Transcribe the records that follow in their entirety, omitting any pictures.

(Listed records Opens)

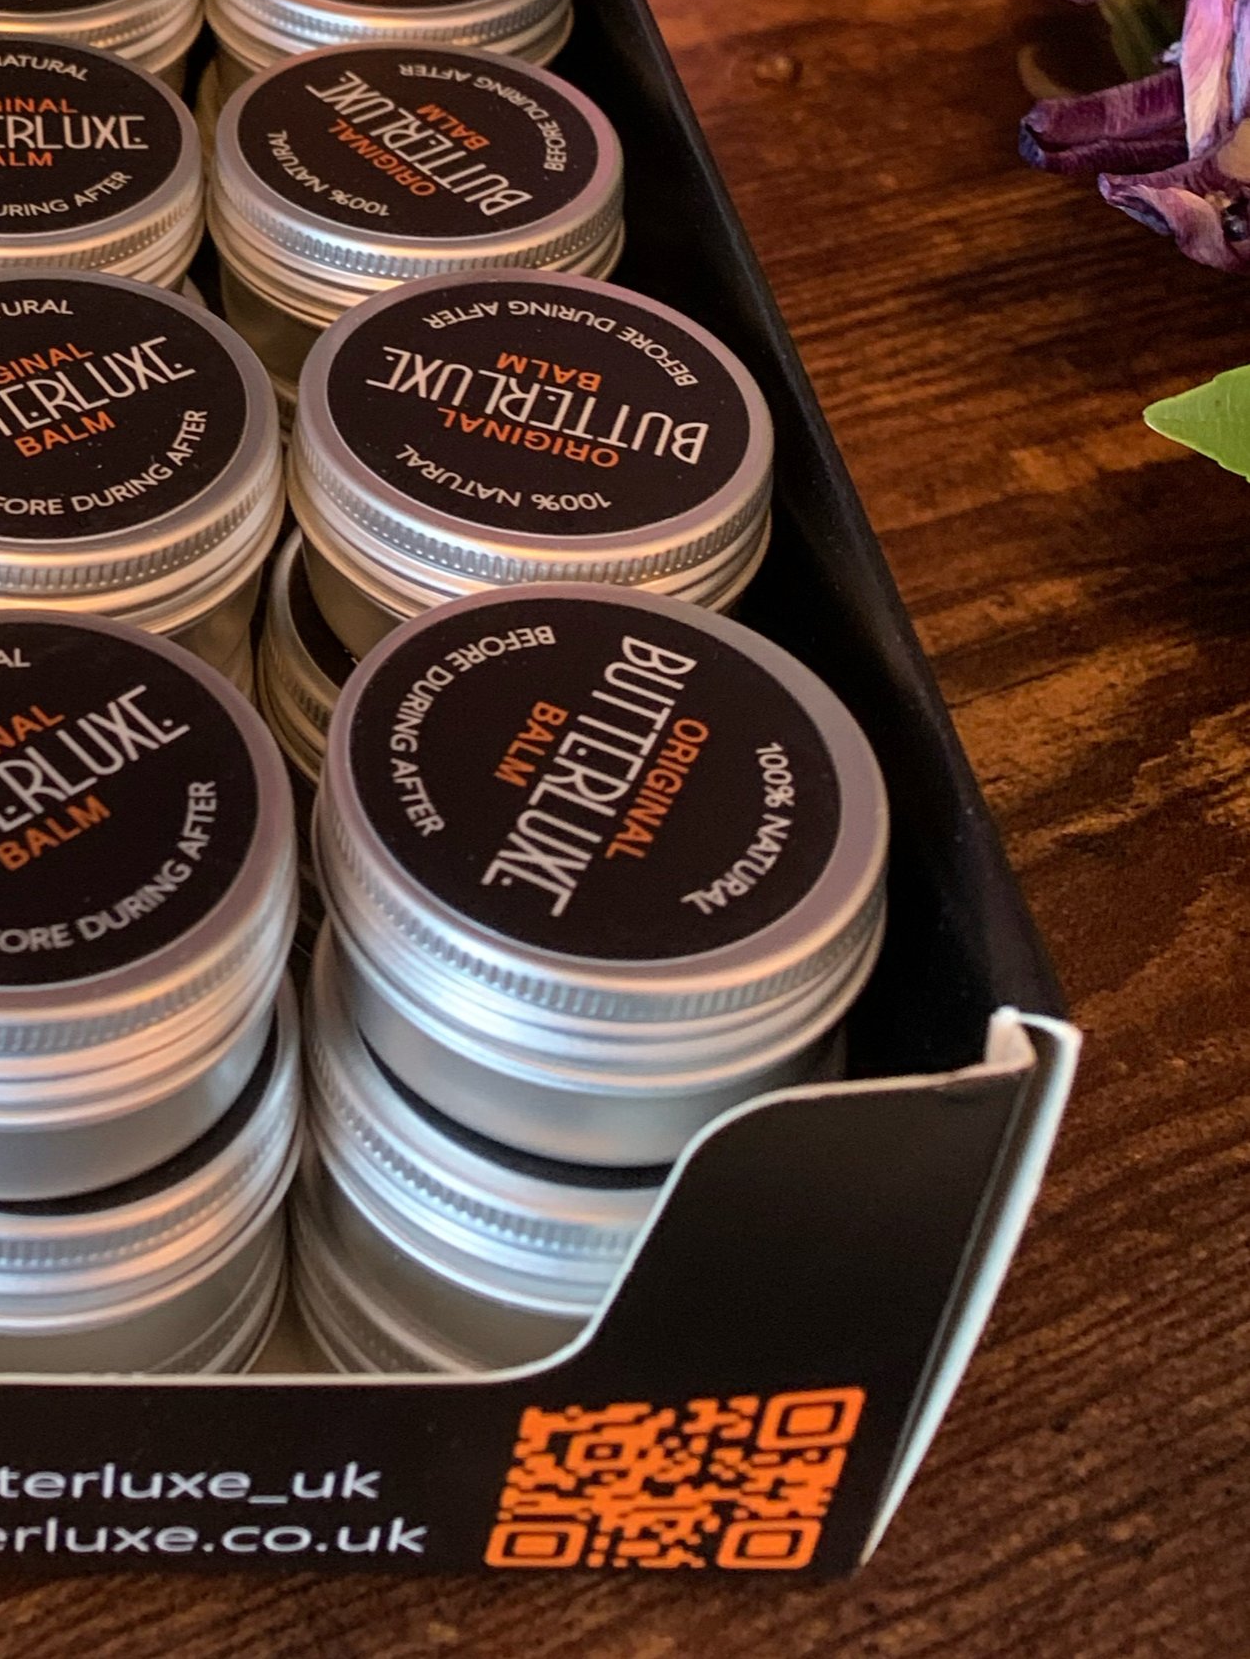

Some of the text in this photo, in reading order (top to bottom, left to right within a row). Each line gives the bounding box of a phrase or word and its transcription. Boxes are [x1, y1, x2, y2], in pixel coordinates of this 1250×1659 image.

[305, 71, 533, 217] BUTTERLUXE
[328, 119, 437, 196] ORIGINAL
[399, 64, 566, 171] BEFORE DURING AFTER
[417, 104, 489, 151] BALM
[73, 171, 132, 207] AFTER
[268, 131, 390, 217] 100% NATURAL
[423, 300, 698, 387] BEFORE DURING AFTER
[497, 353, 602, 392] BALM
[14, 412, 115, 457] BALM
[367, 346, 709, 464] BUTTERLUXE
[438, 407, 619, 468] ORIGINAL
[73, 462, 172, 512] DURING
[170, 409, 207, 467] AFTER
[395, 444, 611, 512] 100% NATURAL
[390, 625, 556, 837] BEFORE DURING AFTER
[494, 701, 568, 786] BALM
[482, 636, 697, 917] BUTTERLUXE
[605, 717, 709, 860] ORIGINAL
[78, 861, 191, 941] DURING
[183, 780, 216, 862] AFTER
[682, 742, 795, 914] 100% NATURAL
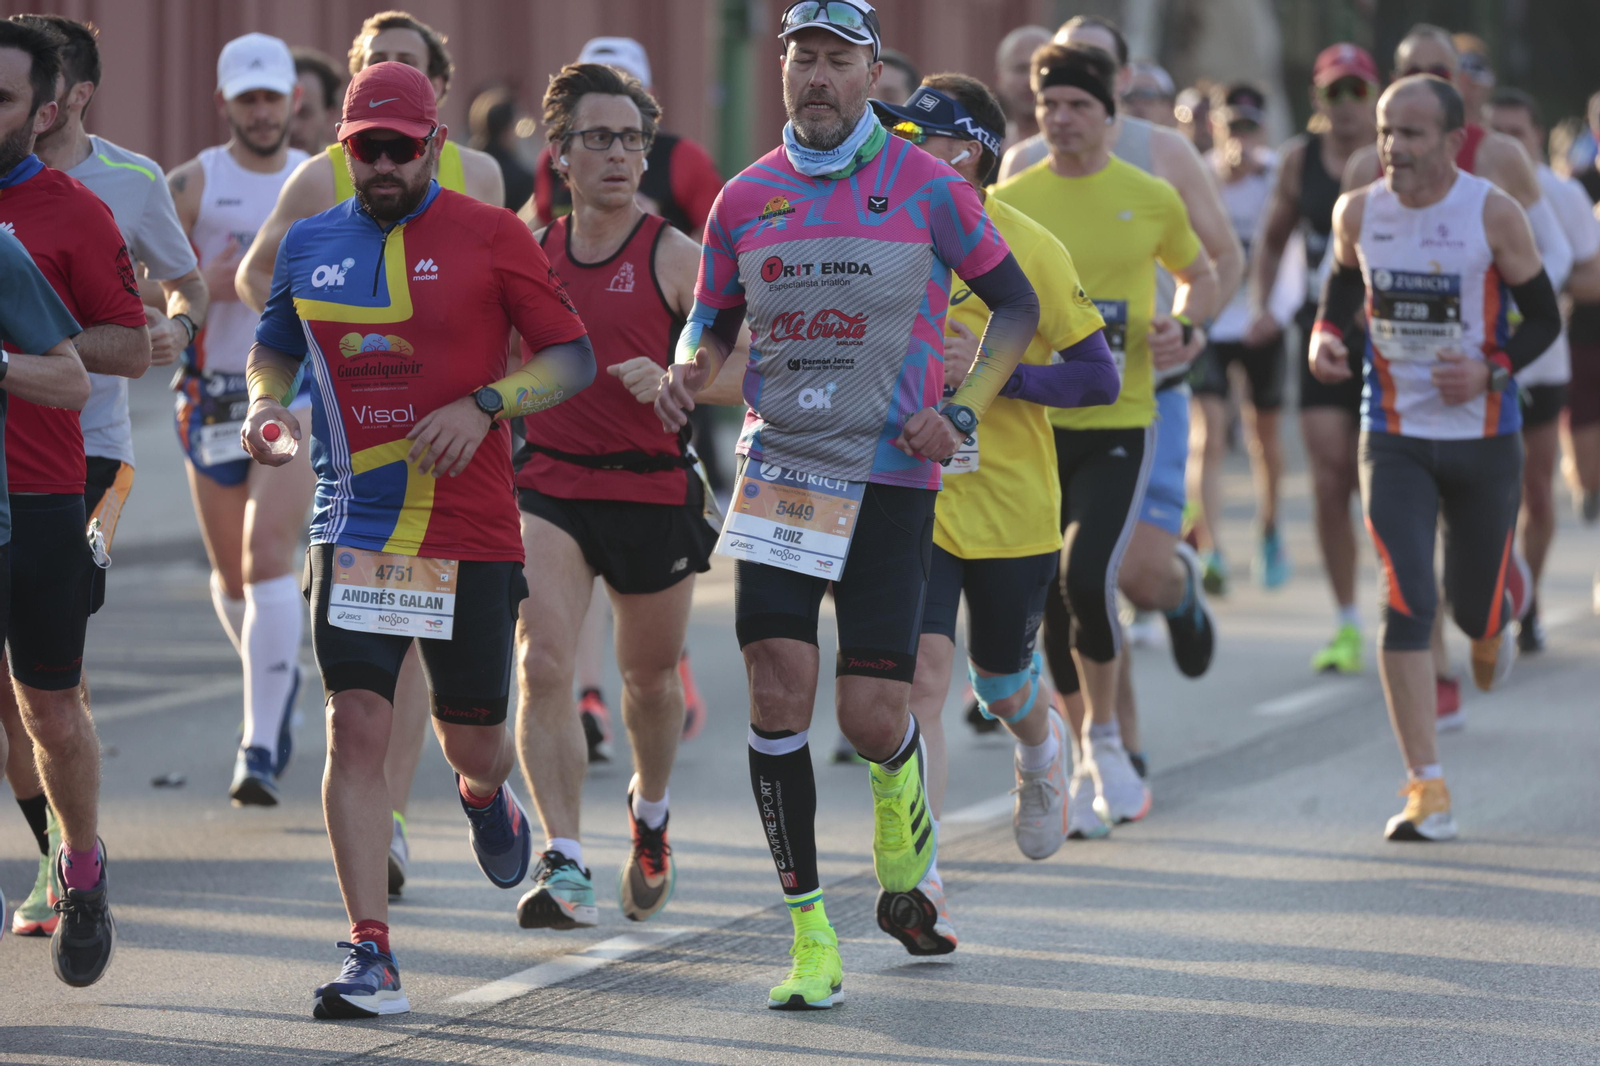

(Listed records Closes)

Task solution:
Some of the text in this photo, in reading order (top to bottom, left to right within a row). Each line gives the bounding box of a phrase or word and its transcription. Boxes are [x1, y1, x2, y2], in pixel coordinates of this 1250×1659 image.

[305, 71, 533, 217] BUTTERLUXE
[328, 119, 437, 196] ORIGINAL
[399, 64, 566, 171] BEFORE DURING AFTER
[417, 104, 489, 151] BALM
[73, 171, 132, 207] AFTER
[268, 131, 390, 217] 100% NATURAL
[423, 300, 698, 387] BEFORE DURING AFTER
[497, 353, 602, 392] BALM
[14, 412, 115, 457] BALM
[367, 346, 709, 464] BUTTERLUXE
[438, 407, 619, 468] ORIGINAL
[73, 462, 172, 512] DURING
[170, 409, 207, 467] AFTER
[395, 444, 611, 512] 100% NATURAL
[390, 625, 556, 837] BEFORE DURING AFTER
[494, 701, 568, 786] BALM
[482, 636, 697, 917] BUTTERLUXE
[605, 717, 709, 860] ORIGINAL
[78, 861, 191, 941] DURING
[183, 780, 216, 862] AFTER
[682, 742, 795, 914] 100% NATURAL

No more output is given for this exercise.